§ **Your task**
Set the data down again, exactly as it reads, but without the pictures.

++++ Records shown ++++

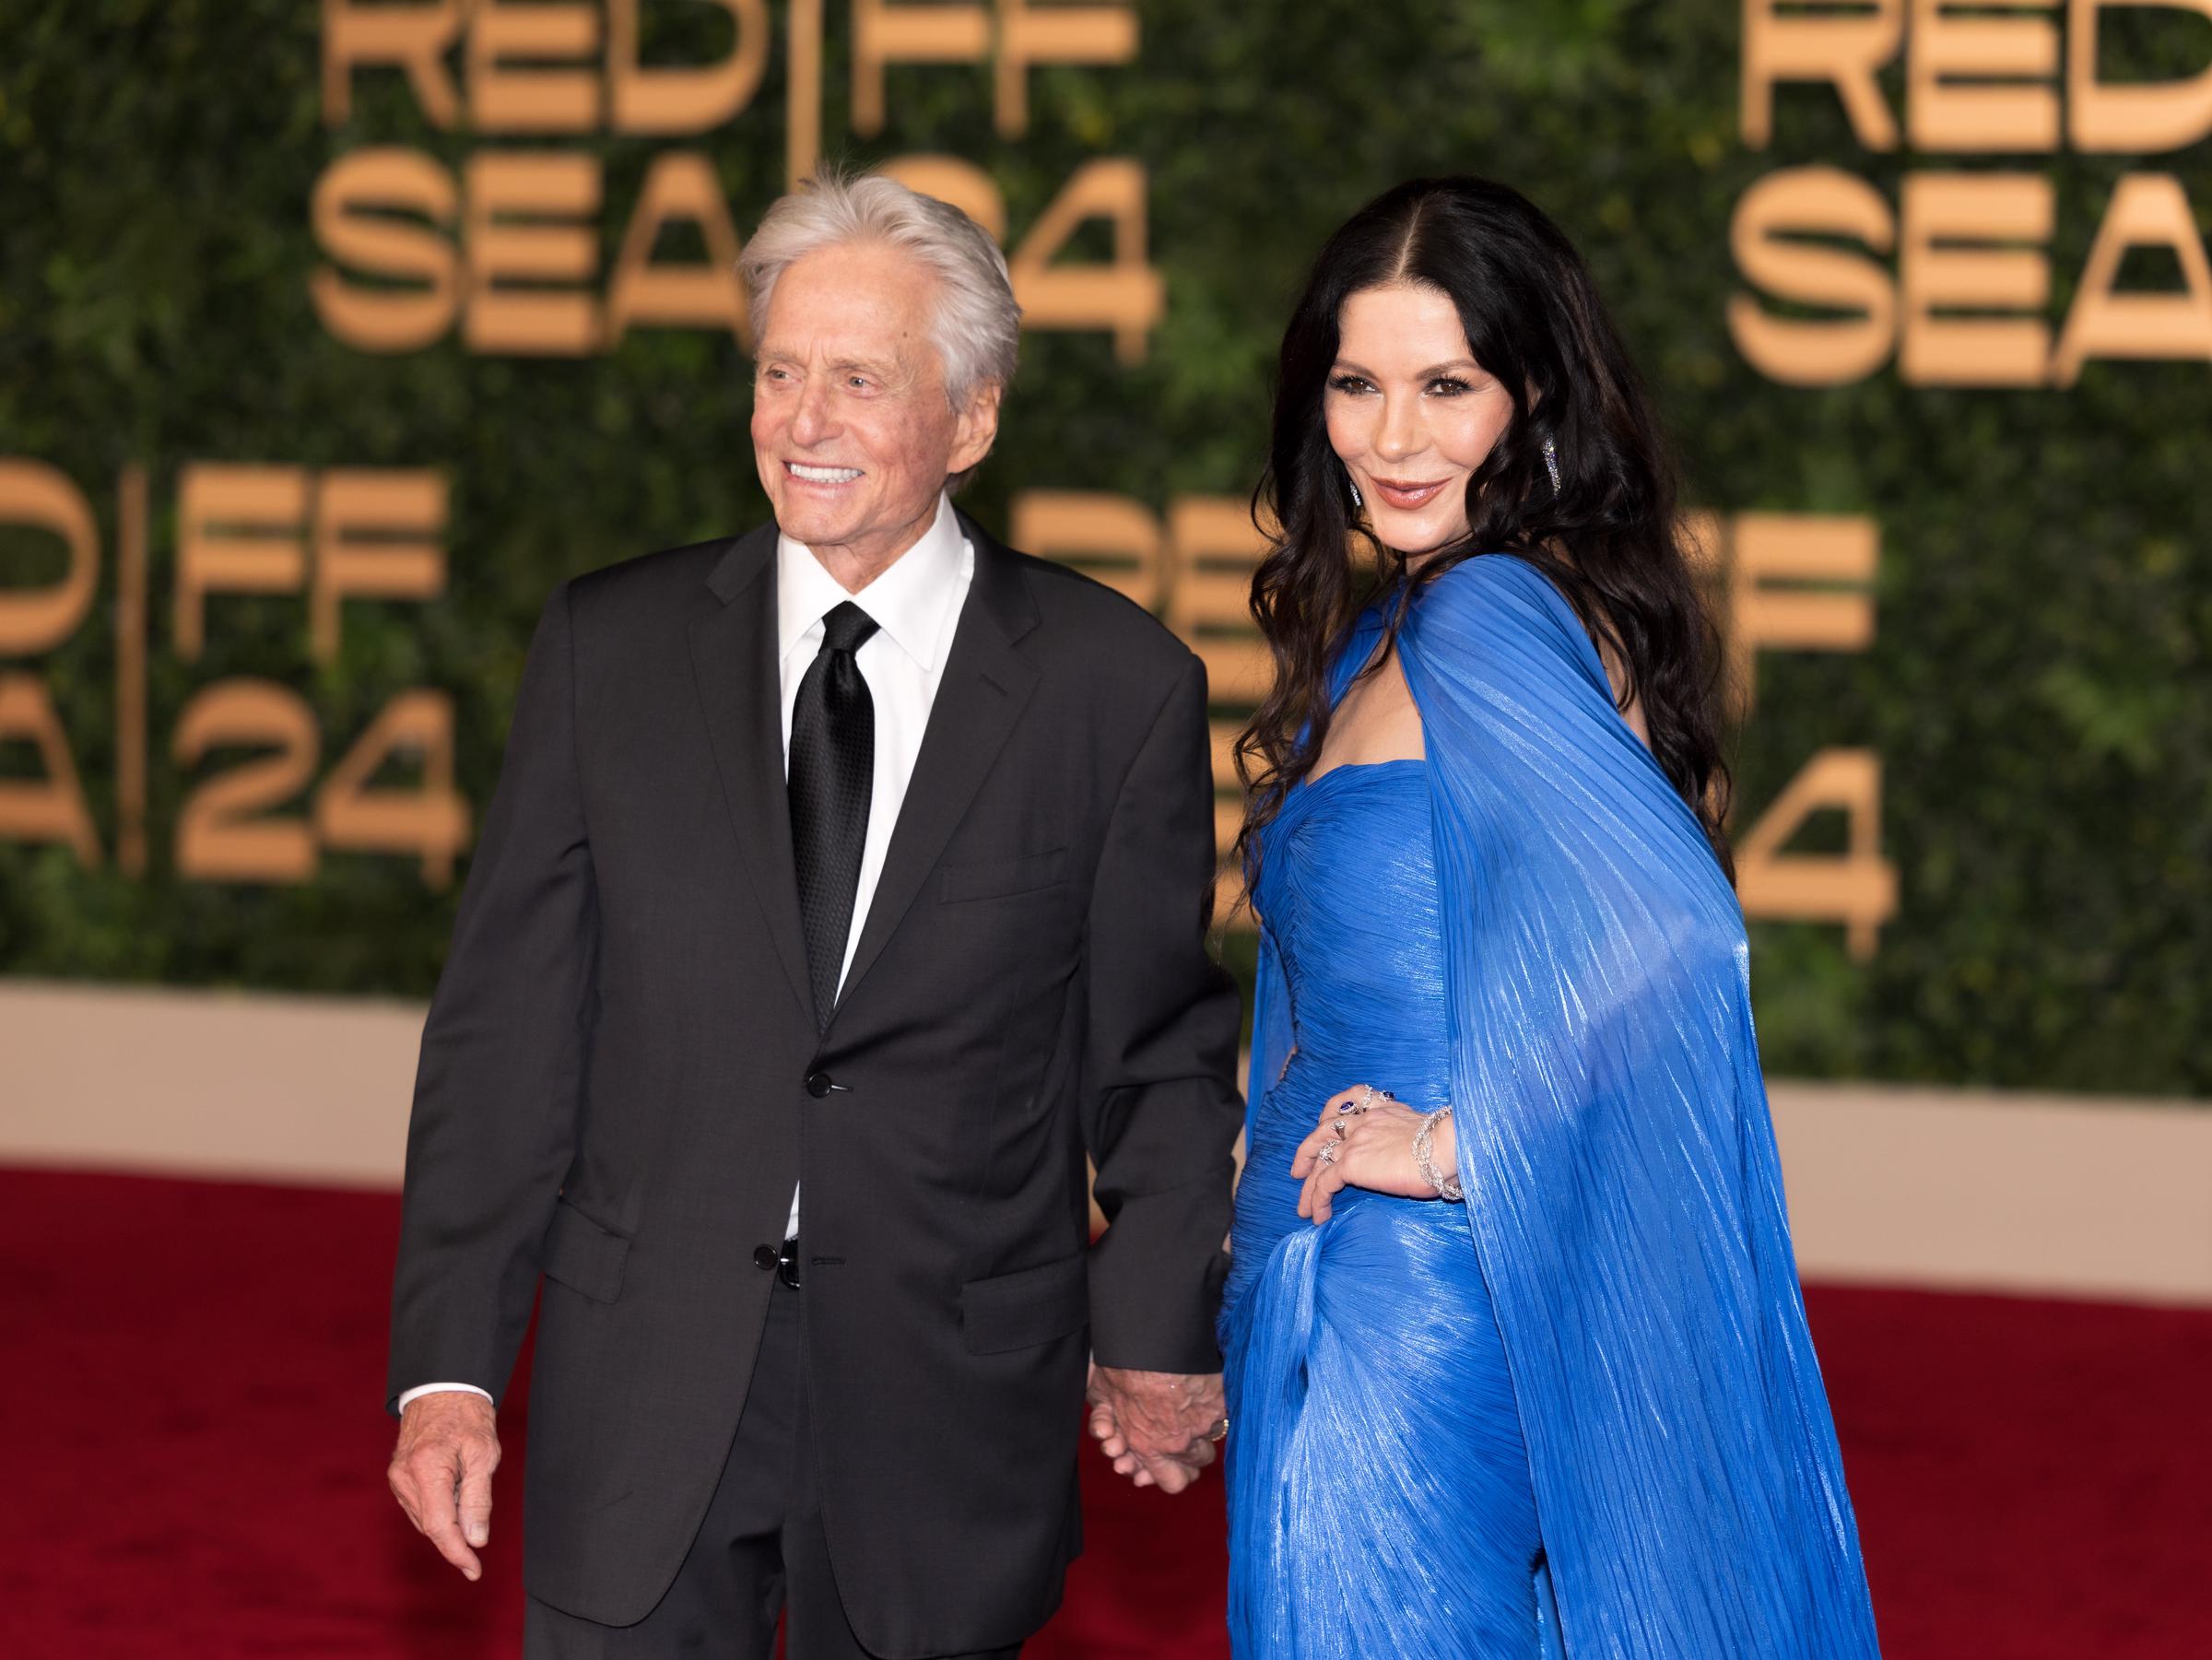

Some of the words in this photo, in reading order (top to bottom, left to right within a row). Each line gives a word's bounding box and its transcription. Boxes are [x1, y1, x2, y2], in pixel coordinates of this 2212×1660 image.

[322, 0, 768, 135] RED
[1740, 0, 2212, 154] RED
[310, 146, 754, 358] SEA
[1726, 166, 2212, 391] SEA
[174, 464, 450, 667] FF
[172, 677, 472, 894] 24
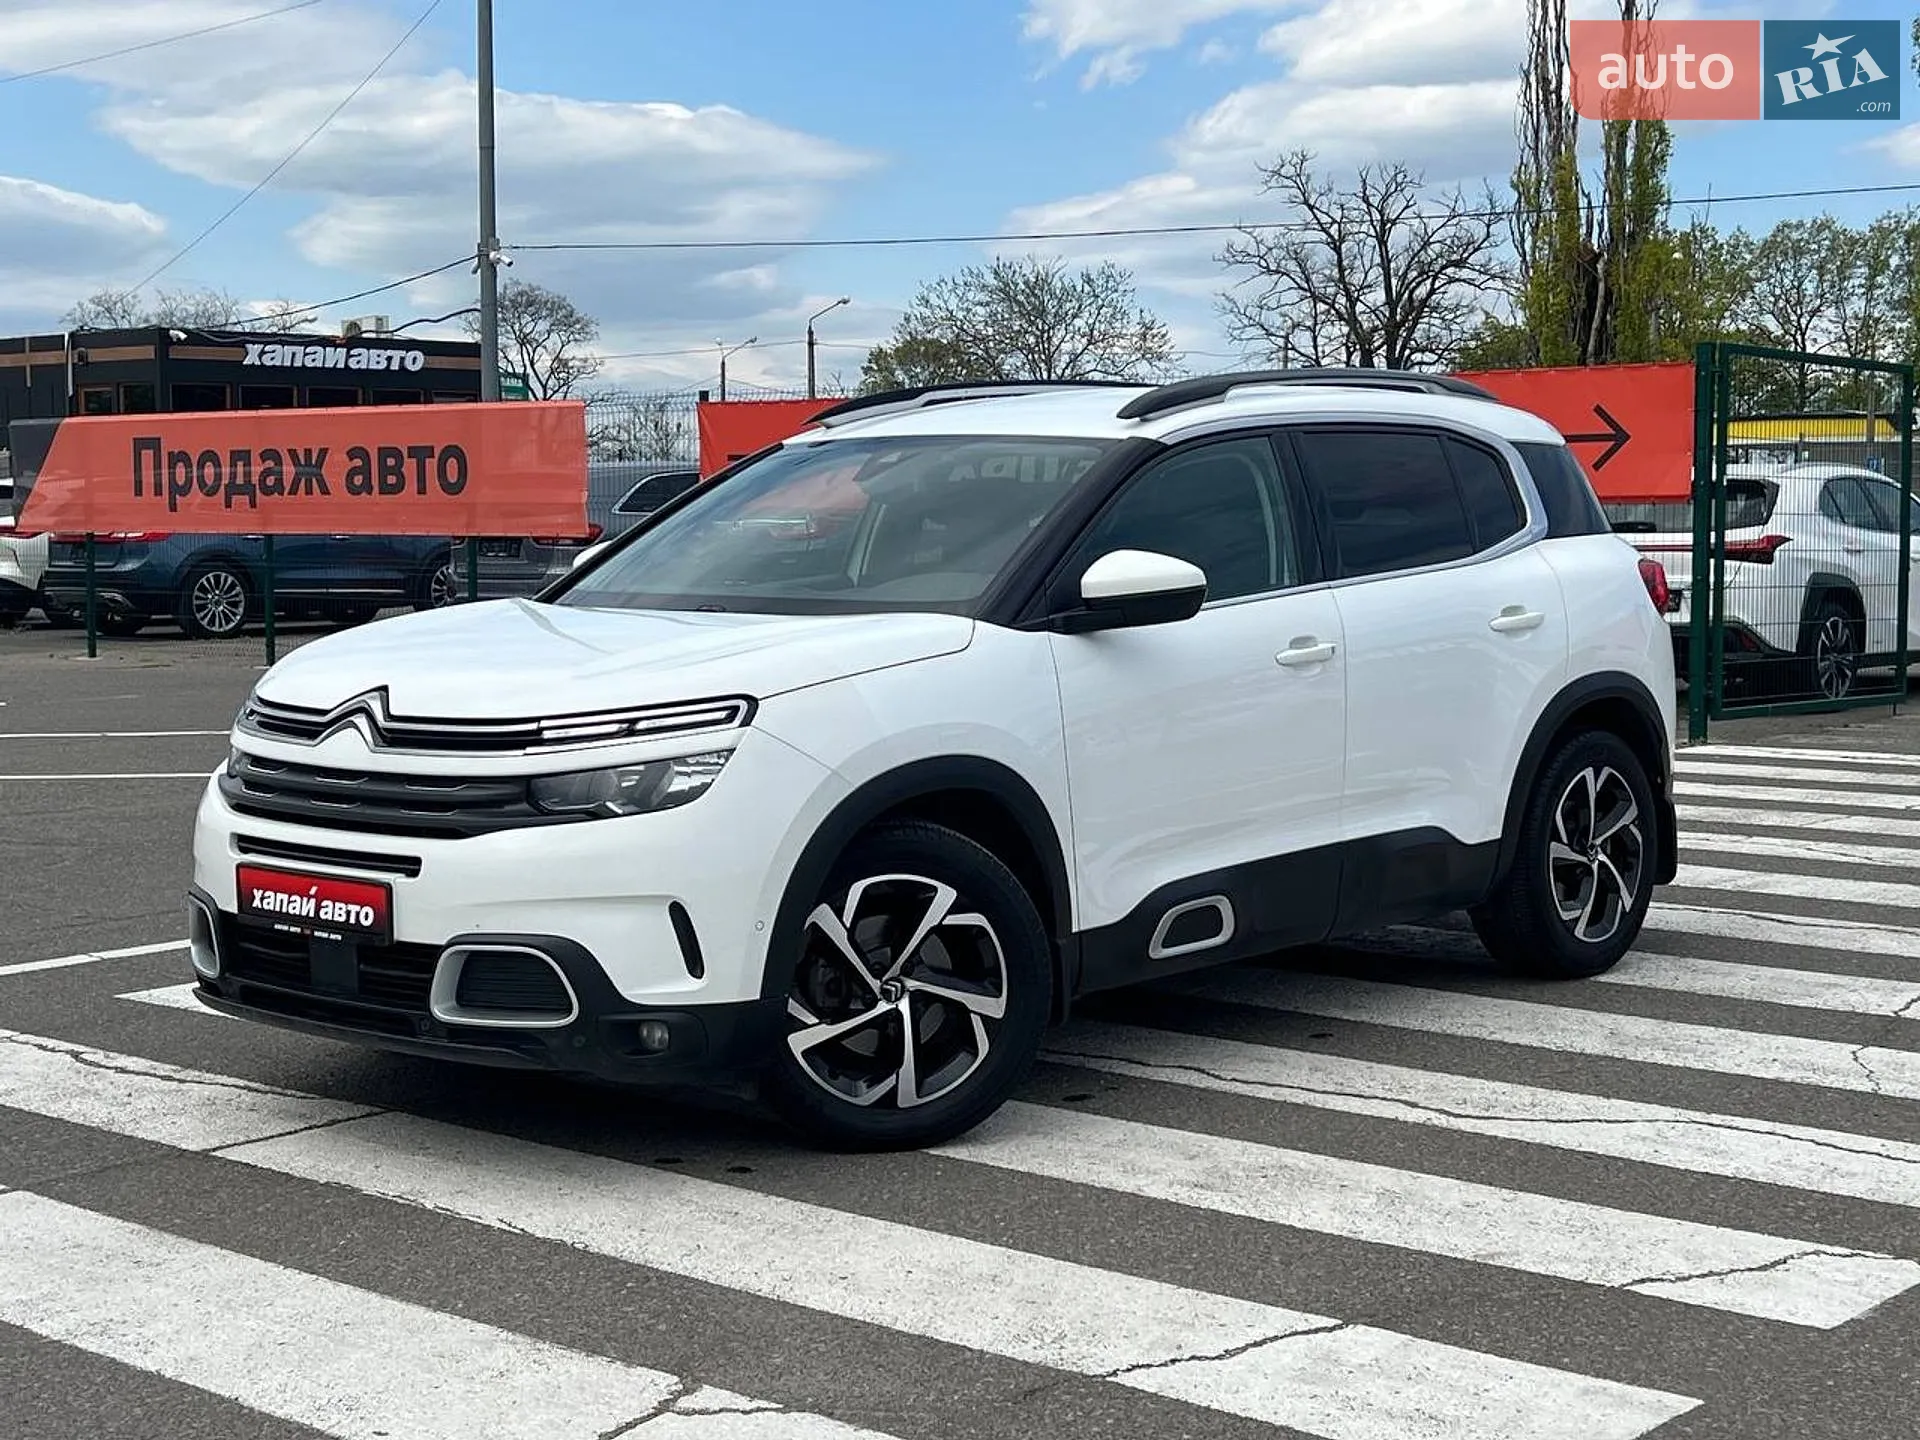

++++

§ **Answer to the exercise**
Some of the words in this photo, in reading order (top to bottom, left to right within a row). Each line gives a word's bounding box and its transcription. Boxes are [x1, y1, x2, y2], in pixel coordinates of this 2212×1660 image.

[322, 0, 768, 135] RED
[1740, 0, 2212, 154] RED
[310, 146, 754, 358] SEA
[1726, 166, 2212, 391] SEA
[174, 464, 450, 667] FF
[172, 677, 472, 894] 24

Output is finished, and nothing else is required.